Object The authors conducted validity testing of the 5 major reported indices for radiosurgically treated brain metastases— the original Radiation Therapy Oncology Group's Recursive Partitioning Analysis (RPA), the Score Index for Radiosurgery in Brain Metastases (SIR), the Basic Score for Brain Metastases (BSBM), the Graded Prognostic Assessment (GPA), and the subclassification of RPA Class II proposed by Yamamoto—in nearly 2500 cases treated with Gamma Knife surgery (GKS), focusing on the preservation of neurological function as well as the traditional endpoint of overall survival. Methods The authors analyzed data from 2445 cases treated with GKS by the first author (T.S.), the primary surgeon.
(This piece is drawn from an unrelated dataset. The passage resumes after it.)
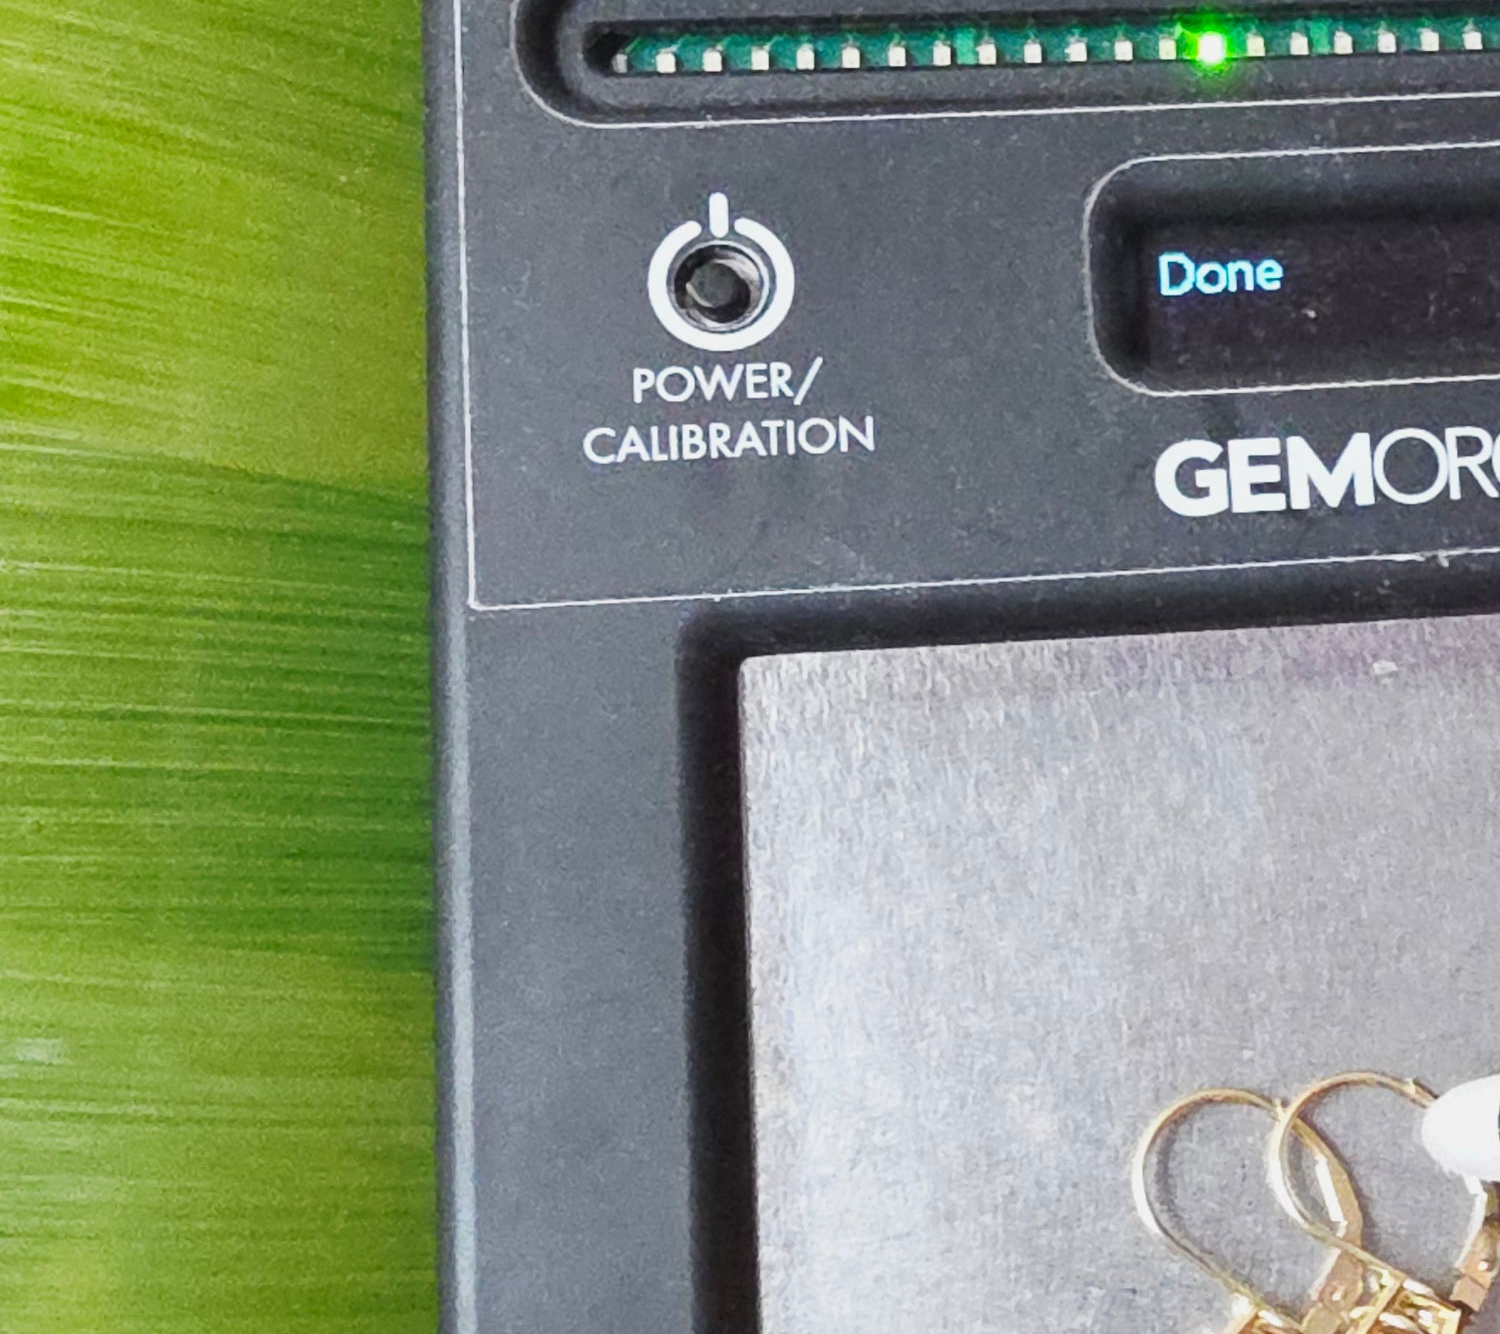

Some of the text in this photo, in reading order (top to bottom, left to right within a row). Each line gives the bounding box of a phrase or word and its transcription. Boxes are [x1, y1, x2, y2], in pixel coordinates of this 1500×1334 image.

The patient group consisted of 1716 patients treated between January 1998 and March 2008 (the Chiba series) and 729 patients treated between April 2008 and December 2011 (the Tokyo series). The interval from the date of GKS until the date of the patient's death (overall survival) and impaired activities of daily living (qualitative survival) were calculated using the Kaplan-Meier method, while the absolute risk for two adjacent classes of each grading system and both hazard ratios and 95% confidence intervals were estimated using the Cox proportional hazards model. Results For overall survival, there were highly statistically significant differences between each two adjacent patient groups characterized by class or score (all p values < 0.001), except for GPA Scores 3.5–4.0 and 3.0. The SIR showed the best statistical results for predicting preservation of neurological function. Although no other grading systems yielded statistically significant differences in qualitative survival, the BSBM and the modified RPA appeared to be better than the original RPA and GPA. Conclusions The modified RPA subclassification, proposed by Yamamoto, is well balanced in scoring simplicity with respect to case number distribution and statistical results for overall survival. However, a new or revised grading system is necessary for predicting qualitative survival and for selecting the optimal treatment for patients with brain metastasis treated by GKS.